The immunogenic SigA enterotoxin of Shigella flexneri 2a binds to HEp-2 cells and induces fodrin redistribution in intoxicated epithelial cells

Abstract

Background: We have previously shown that the enterotoxin SigA which resides on the she pathogenicity island (PAI) of S. flexneri 2a is an autonomously secreted serine protease capable of degrading casein. We have also demonstrated that SigA is cytopathic for HEp-2 cells and plays a role in the intestinal fluid accumulation associated with S. flexneri infections.

Methods/principal findings: In this work we show that SigA binds specifically to HEp-2 cells and degrades recombinant human alphaII spectrin (alpha-fodrin) in vitro, suggesting that the cytotoxic and enterotoxic effects mediated by SigA are likely associated with the degradation of epithelial fodrin. Consistent with our data, this study also demonstrates that SigA cleaves intracellular fodrin in situ, causing its redistribution within cells. These results strongly implicate SigA in altering the cytoskeleton during the pathogenesis of shigellosis. On the basis of these findings, cleavage of fodrin is a novel mechanism of cellular intoxication for a Shigella toxin. Furthermore, information regarding immunogenicity to SigA in infected patients is lacking. We studied the immune response of SigA from day 28 post-challenge serum of one volunteer from S. flexneri 2a challenge studies. Our results demonstrate that SigA is immunogenic following infection with S. flexneri 2a.

Conclusions: This work shows that SigA binds to epithelial HEp-2 cells as well as being able to induce fodrin degradation in vitro and in situ, further extending its documented role in the pathogenesis of Shigella infections.

Figure 1. SigA binds specifically to HEp-2 cells.

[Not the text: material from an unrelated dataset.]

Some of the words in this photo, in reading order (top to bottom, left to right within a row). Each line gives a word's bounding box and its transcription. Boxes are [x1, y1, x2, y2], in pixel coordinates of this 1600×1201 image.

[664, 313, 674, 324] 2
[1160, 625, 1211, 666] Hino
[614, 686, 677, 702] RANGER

HEp-2 cells were incubated in the presence (lane 1) or absence (lane 3) of SigA and washed to remove unbound SigA. Bound SigA was recovered by treatment of HEp-2 cells with protein sample buffer and assayed by Western analysis with anti-SigA antiserum. A control for non-specific binding of SigA to the tissue culture plate was also included (lane 2). Culture supernatants of E. coli either not expressing (lane 4) or expressing (lane 5) SigA, indicate the position of SigA on the gel (asterisk). The positions of standard molecular mass markers (kDa) are shown on the right.

Figure 2. Degradation of human α-fodrin by SigA.

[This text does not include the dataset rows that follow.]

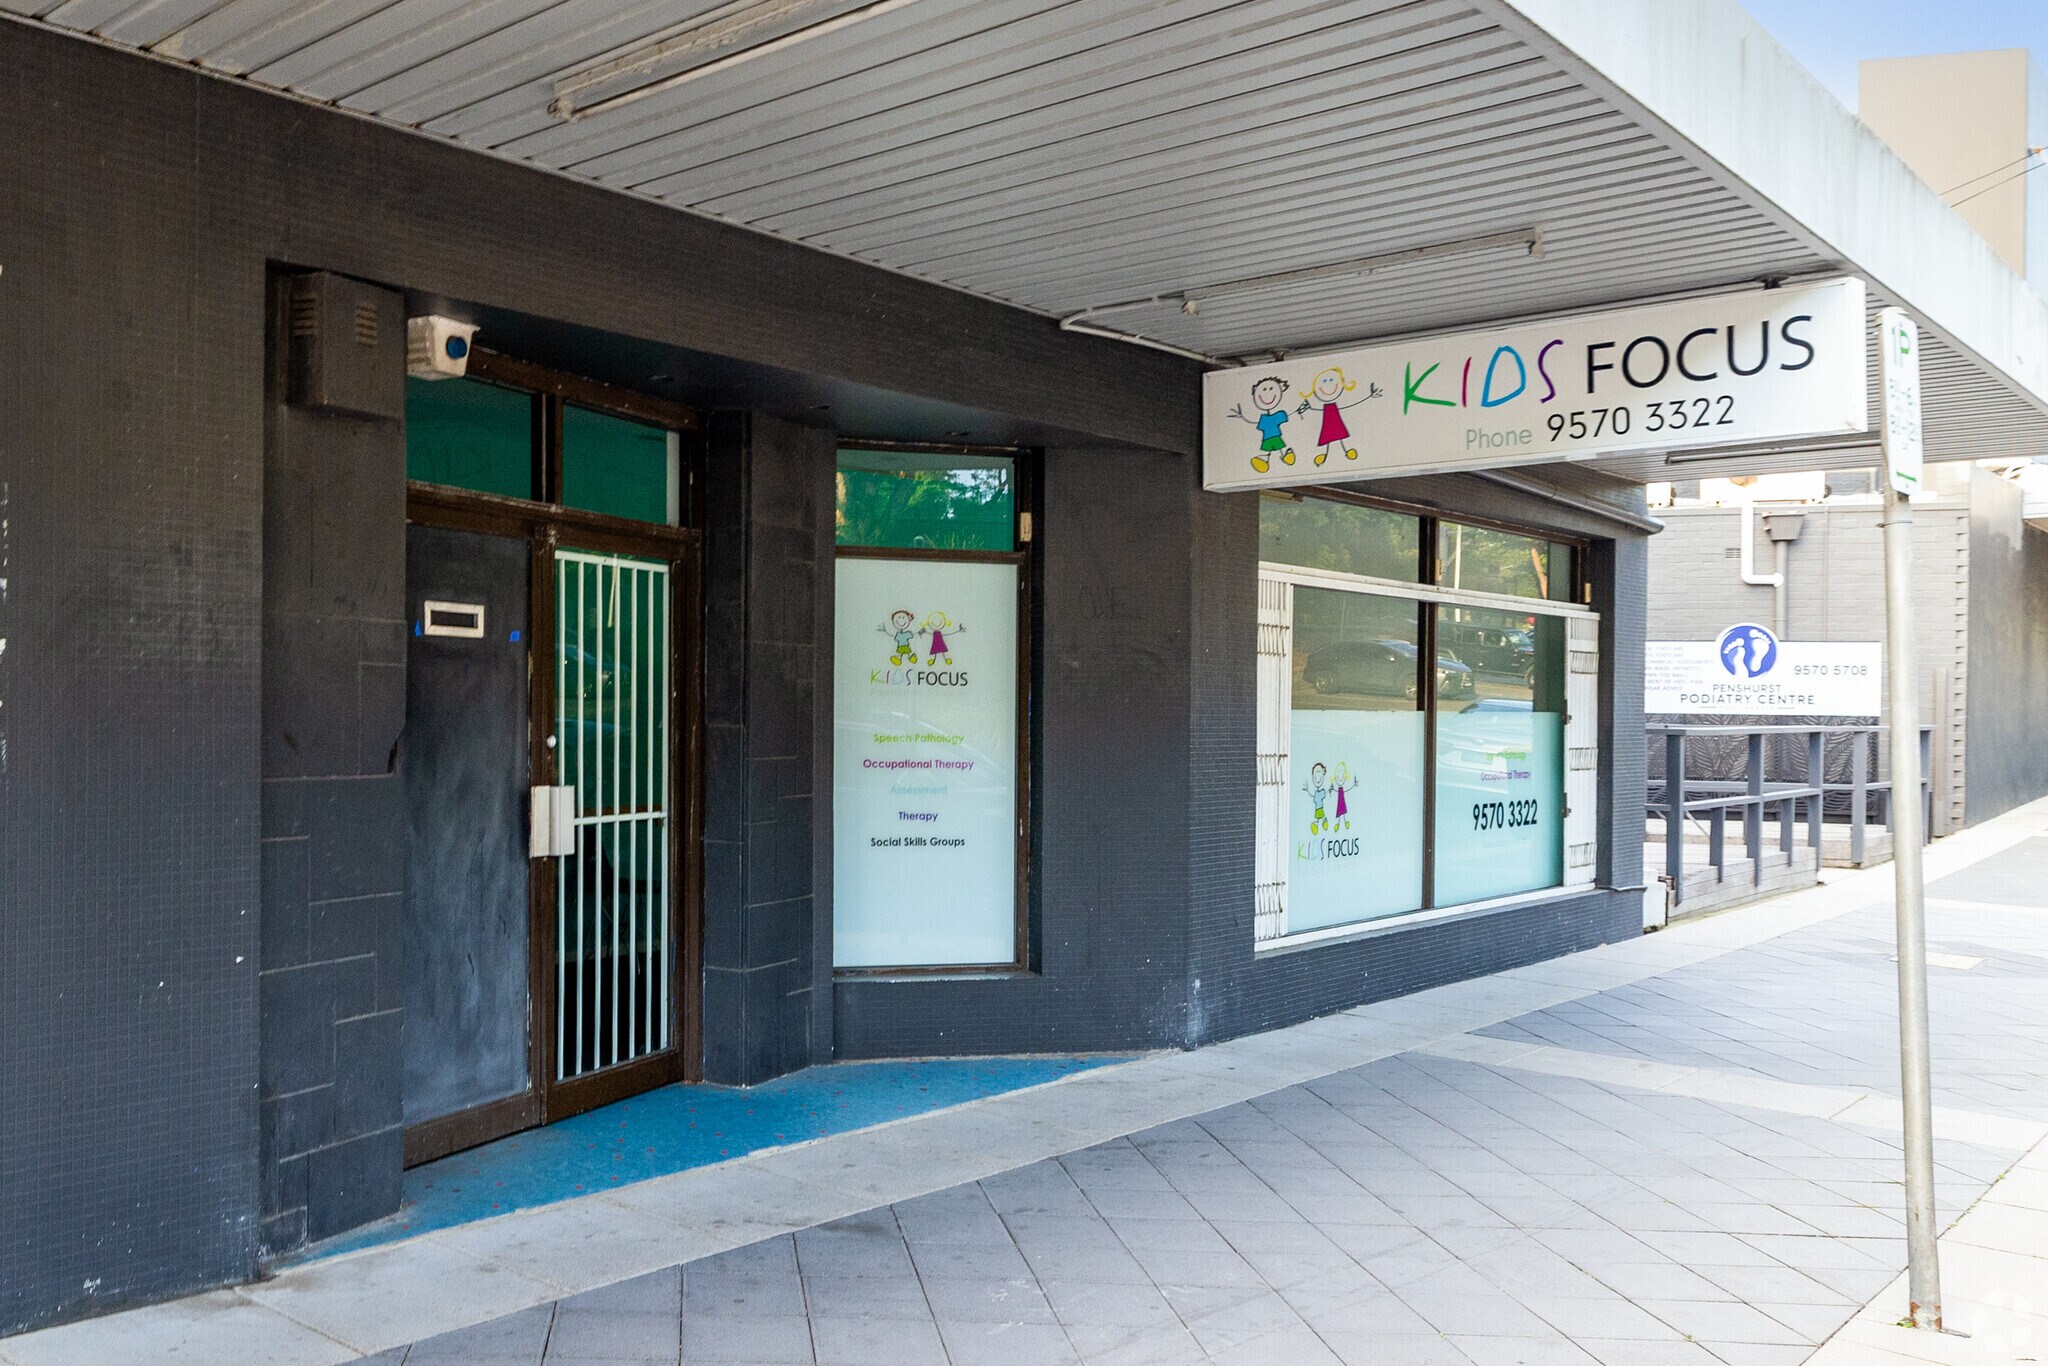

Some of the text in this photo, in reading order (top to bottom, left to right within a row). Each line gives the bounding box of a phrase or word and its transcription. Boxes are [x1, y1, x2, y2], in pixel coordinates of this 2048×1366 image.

[1403, 315, 1814, 415] KIDS FOCUS
[1465, 394, 1735, 450] Phone 9570 3322
[1794, 665, 1868, 676] 9570 5708
[870, 668, 969, 687] KIDS FOCUS
[1713, 684, 1782, 693] PENSHURST
[1680, 693, 1815, 705] PODIATRY CENTRE
[873, 733, 964, 746] Speech Pathology
[863, 759, 974, 771] Occupational Therapy
[890, 785, 948, 795] Assessment
[898, 811, 938, 822] Therapy
[1472, 798, 1538, 831] 9570 3322
[870, 837, 966, 848] Social Skills Groups
[1297, 837, 1360, 861] KIDS FOCUS

Purified GST-fodrin was incubated with SigA (lanes 1, 2 and 3) or Pet positive control (lanes 4, 5 and 6) for zero (lanes 1 and 4) or 6 h (lanes 2 and 5). Lanes 3 and 6 shows SigA or Pet, respectively, pre-treated with PMSF and incubated with GST-fodrin for 6 h. The top arrow indicates the 109 kDa GST-fodrin fusion protein and the 74 kDa subproduct of degradation is indicated by the bottom arrow.

Figure 3. Effects of SigA on fodrin redistribution in epithelial cells.

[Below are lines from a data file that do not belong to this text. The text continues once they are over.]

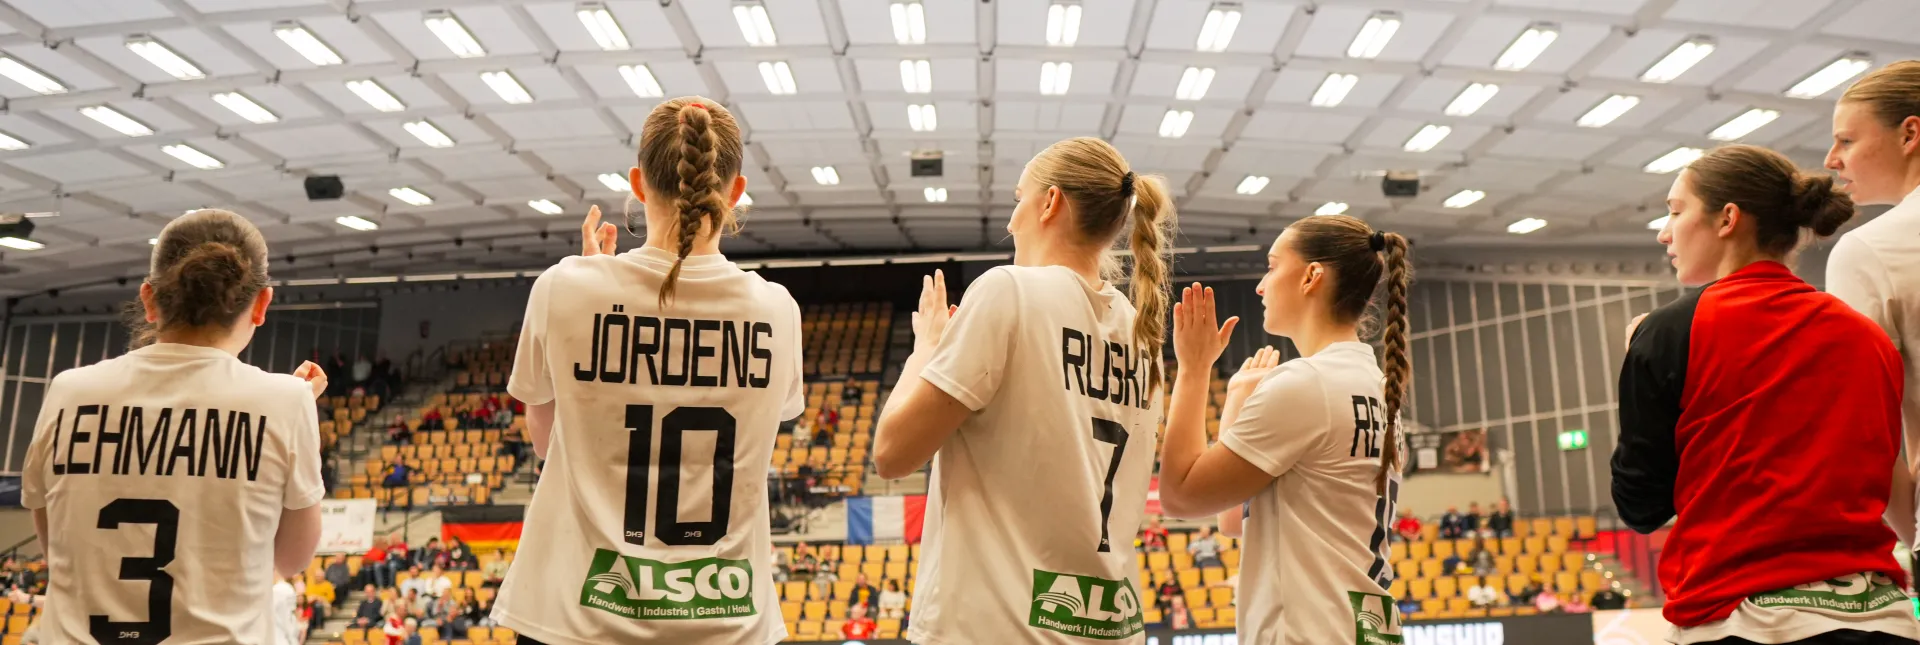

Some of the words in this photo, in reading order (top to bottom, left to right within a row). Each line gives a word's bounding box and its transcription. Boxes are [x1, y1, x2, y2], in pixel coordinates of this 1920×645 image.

[574, 305, 773, 388] JÖRDENS
[52, 404, 267, 481] LEHMANN
[624, 404, 736, 546] 10
[1092, 417, 1130, 553] 7
[89, 498, 180, 645] 3
[587, 554, 751, 602] ALSCO
[588, 595, 635, 615] Handwerk
[643, 607, 688, 616] Industrie
[1754, 596, 1811, 606] Handwerk
[1819, 597, 1862, 610] Industrie
[1868, 595, 1890, 608] astro
[1038, 616, 1081, 633] Handwerk

HEp-2 cells were treated for 3 h with supernatant from SigA clone (A), or ΔSigA (B) or vector only used as a control (C). Cells were then fixed and stained with rhodamine-phalloidin, and anti-α-fodrin antibodies, and a fluorescein-labeled secondary anti-goat antibody. Intracellular aggregates of fodrin are indicated by arrows.

Figure 4. Antibody response against S. flexneri 2a SigA in a human volunteer.

Concentrated culture supernatant extracts were separated by SDS-PAGE and immunoreacted with human post-challenge serum. Lanes: 1, molecular mass markers (kDa); 2, supernatant of S. flexneri 2a YSH6000T (parent strain); 3, supernatant of SBA1356 (sepA and she deficient double mutant); 4, supernatant of SBA1359 (sigA-sepA-she triple mutant). The arrowhead indicates the reactivity of serum from a volunteer against the 103-kDa secreted SigA antigen.